Journal of Hazardous Materials
- Discipline: Materials science
- Language: English
- Edited by: Zhen He

Publication details
- History: 1975-present
- Publisher: Elsevier
- Frequency: 20/year
- Open access: Hybrid
- Impact factor: 11.3 (2024)

Standard abbreviations
- ISO 4: J. Hazard. Mater.

Indexing
- CODEN: JHMAD9
- ISSN: 0304-3894 (print) 1873-3336 (web)
- LCCN: sf89091518
- OCLC no.: 644501650

Links
- Journal homepage; Online archive;

= Journal of Hazardous Materials =

The Journal of Hazardous Materials is a peer-reviewed, scientific journal that covers the study of hazardous materials and their impact on the environment. The journal is published by Elsevier and was established in 1975. Since 2022, the editor-in-chief is Zhen He (Washington University in St. Louis).
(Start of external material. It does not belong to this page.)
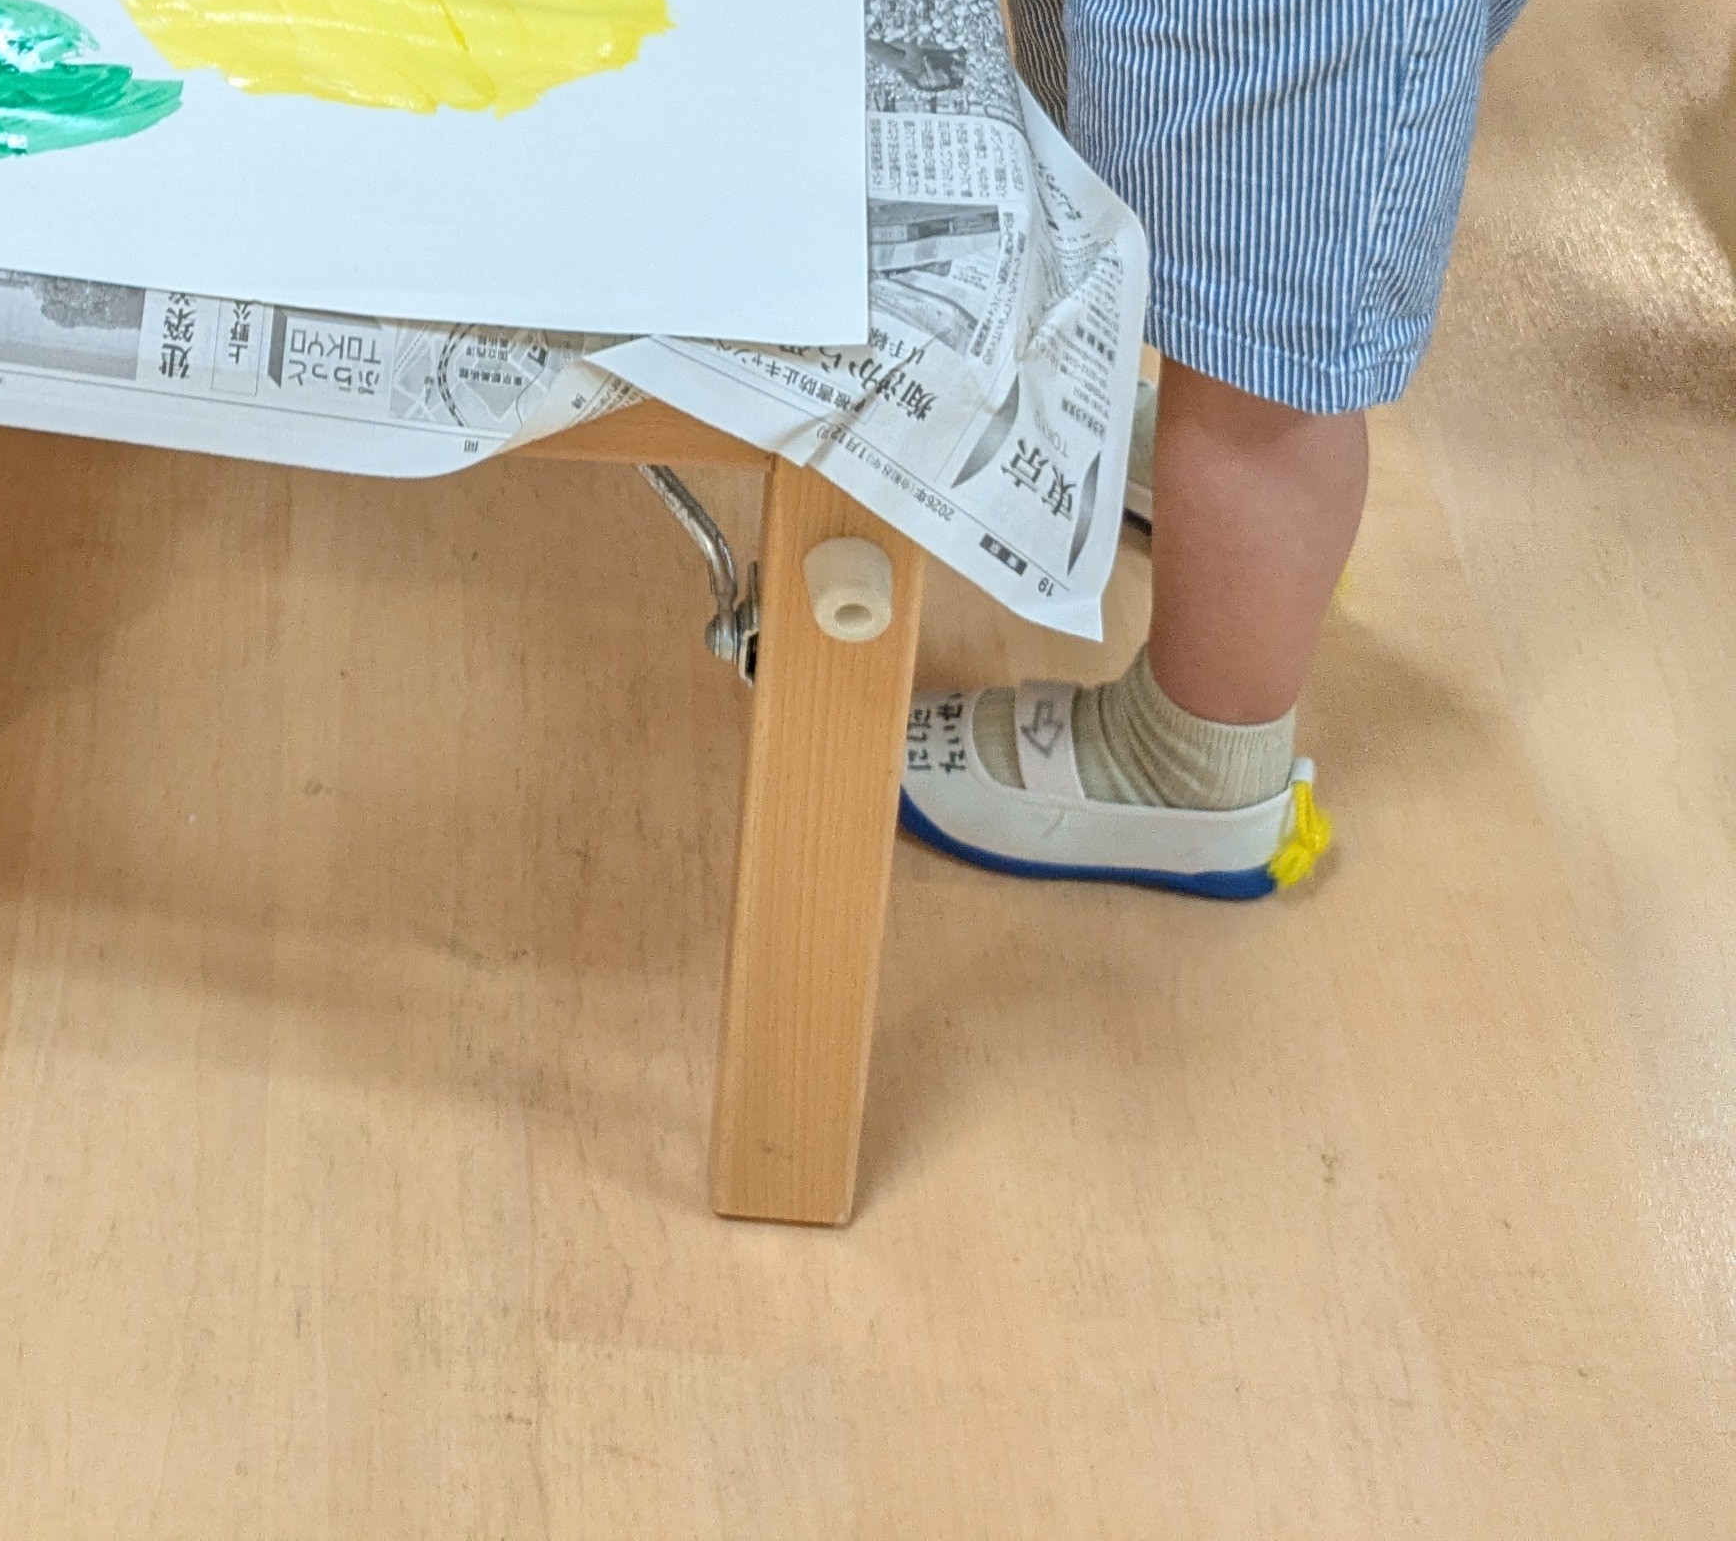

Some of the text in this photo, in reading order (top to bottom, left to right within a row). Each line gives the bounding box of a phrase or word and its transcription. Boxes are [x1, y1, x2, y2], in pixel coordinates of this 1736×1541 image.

[291, 328, 382, 365] TOKYO
[1000, 438, 1078, 521] 東京
[1037, 577, 1055, 597] 19
The journal publishes original research articles, review articles, and short communications.

==Abstracting and indexing==
The journal is abstracted and indexed in:

- Aquatic Sciences and Fisheries Abstracts
- Biological Abstracts
- BIOSIS Previews
- CAB Abstracts
- Chemical Abstracts Service
- Current Contents/Engineering, Computing & Technology
- EBSCO databases
- Ei Compendex
- Food Science and Technology Abstracts
- GEOBASE
- Index Medicus/MEDLINE/PubMed
- Inspec
- METADEX
- PASCAL
- ProQuest databases
- Science Citation Index Expanded
- Scopus

According to the Journal Citation Reports, the journal has a 2024 impact factor of 11.3.